De lente is traditioneel het begin van het seizoen en voor middelbare en middelbare scholieren is de lente vaak het begin van het testseizoen. Er zijn districtstests, staatstests en nationale tests voor studenten in groep 7-12 die beginnen in maart en doorgaan tot het einde van het schooljaar. Veel van deze tests zijn wettelijk verplicht.
Op een typische openbare school neemt een student er minstens één gestandaardiseerde test jaarlijks. Die middelbare scholieren die zich inschrijven voor kredietcursussen aan de universiteit, kunnen nog meer tests afleggen. Elk van deze gestandaardiseerde tests is ontworpen om minimaal 3,5 uur in beslag te nemen. Bij elkaar opgeteld in de loop van de zes jaar tussen de cijfers 7-12, neemt de gemiddelde student 21 uur deel aan gestandaardiseerde tests of het equivalent van drie volledige schooldagen.
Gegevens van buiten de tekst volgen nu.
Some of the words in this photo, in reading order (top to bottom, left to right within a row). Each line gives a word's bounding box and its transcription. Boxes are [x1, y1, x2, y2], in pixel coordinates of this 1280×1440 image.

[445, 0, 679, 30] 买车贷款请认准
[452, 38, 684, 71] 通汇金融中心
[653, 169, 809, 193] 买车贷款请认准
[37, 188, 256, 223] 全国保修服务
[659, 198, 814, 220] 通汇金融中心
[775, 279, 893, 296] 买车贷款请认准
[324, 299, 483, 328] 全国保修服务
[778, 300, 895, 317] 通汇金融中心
Docenten kunnen eerst de informatie verstrekken die studenten helpt het doel van een specifieke test beter te begrijpen. Gaat de test hun individuele groei meten of gaat de test hun prestaties meten tegen die van anderen?
Twee soorten gestandaardiseerd testen voor klassen 7-12
De gestandaardiseerde tests die worden gebruikt in de rangen 7-12 zijn ofwel ontworpen als normgerelateerde of als criteriumgerelateerde tests. Elke test is ontworpen voor een andere maatregel.
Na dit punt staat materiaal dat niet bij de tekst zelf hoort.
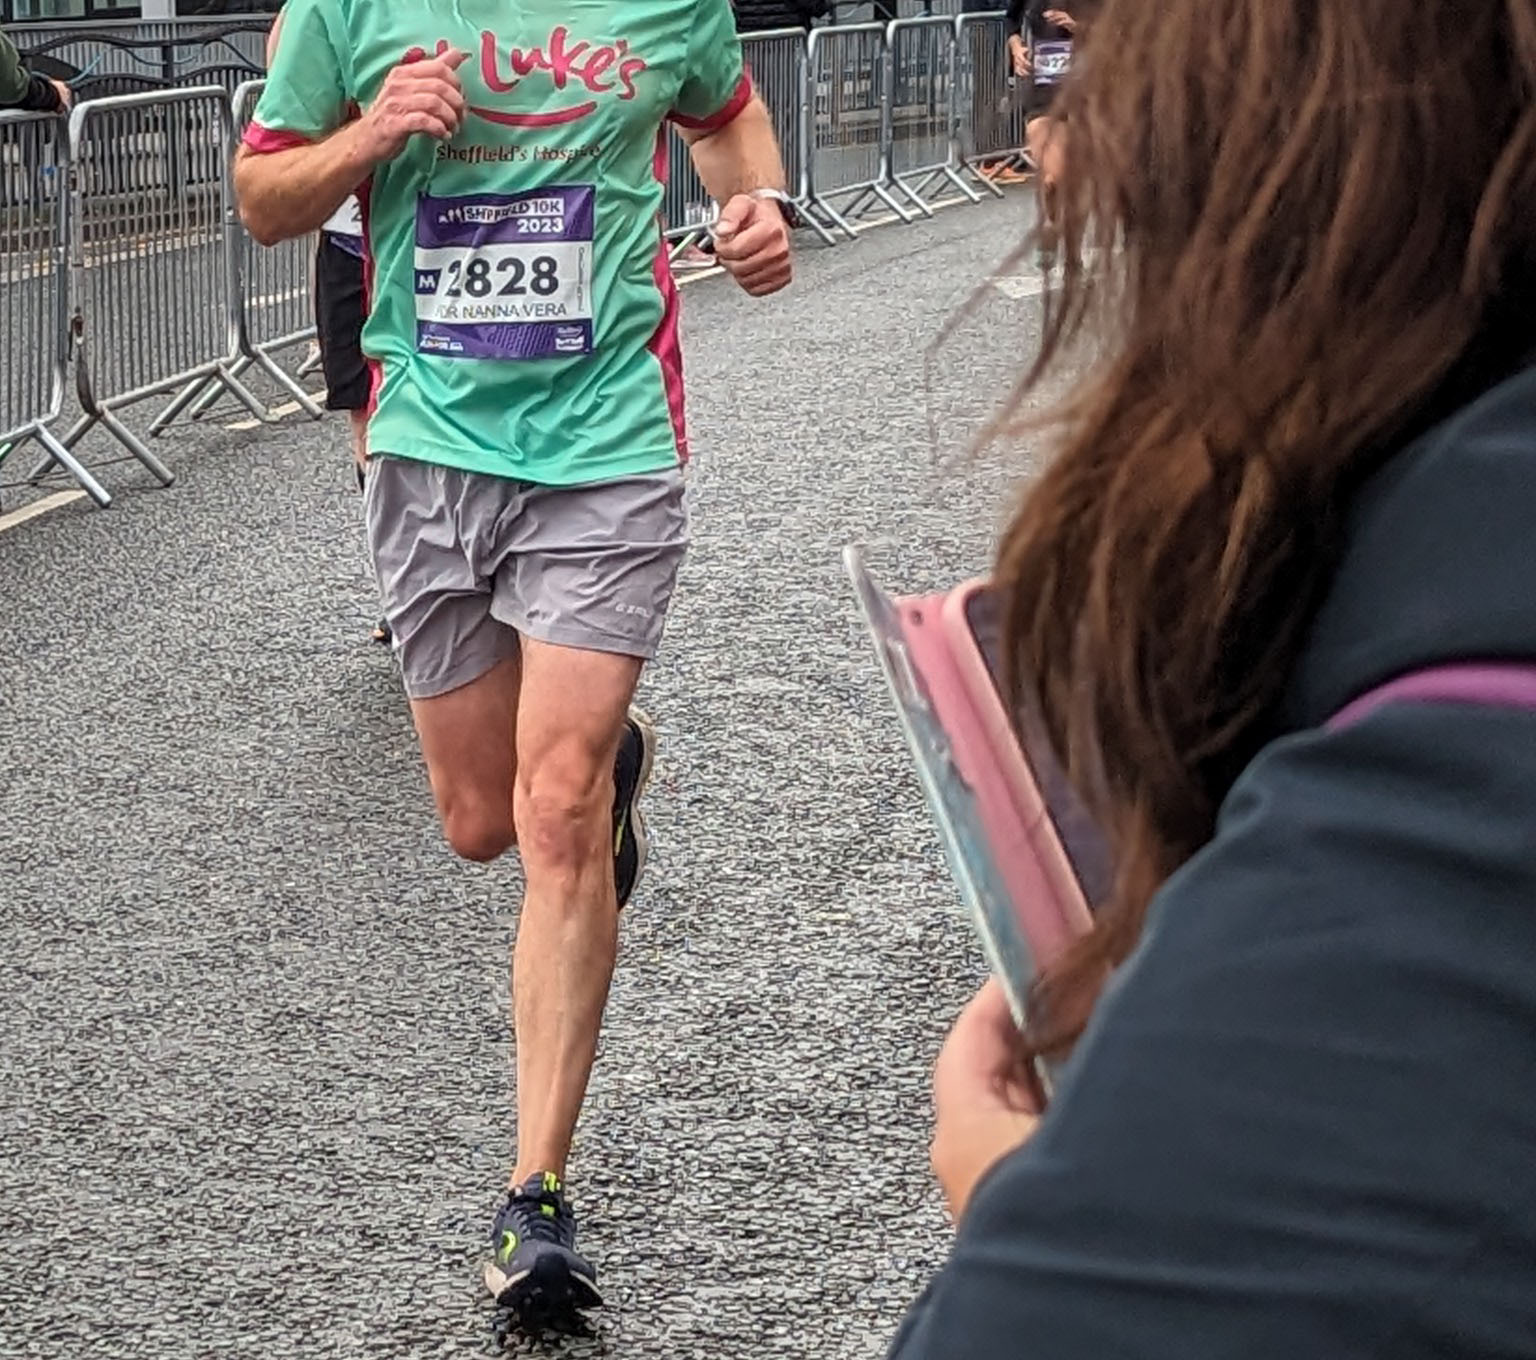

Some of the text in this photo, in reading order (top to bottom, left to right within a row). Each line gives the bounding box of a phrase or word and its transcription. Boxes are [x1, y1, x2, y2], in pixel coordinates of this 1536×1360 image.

[480, 25, 647, 100] Luke's
[532, 199, 561, 214] 10K
[516, 218, 564, 233] 2023
[444, 255, 559, 298] 2828
[462, 304, 519, 319] NANNA
[522, 302, 567, 317] VERA
EEN norm-gerefereerde test is ontworpen om studenten (vergelijkbaar in leeftijd of rang) ten opzichte van elkaar te vergelijken en te rangschikken:
"Normgerelateerde tests rapporteren of testpersonen beter of slechter presteerden dan een hypothetische gemiddelde student"
Normgerelateerde tests zijn meestal eenvoudig te beheren en gemakkelijk te scoren omdat ze meestal zijn ontworpen als meerkeuzetests.
De op criteria gebaseerde tests zijn ontworpen om de prestaties van studenten te meten aan een verwachting:
"Criterium-gerefereerde tests en assessments zijn ontworpen om de prestaties van studenten te meten aan een vaste set van vooraf bepaalde criteria of leerstandaarden"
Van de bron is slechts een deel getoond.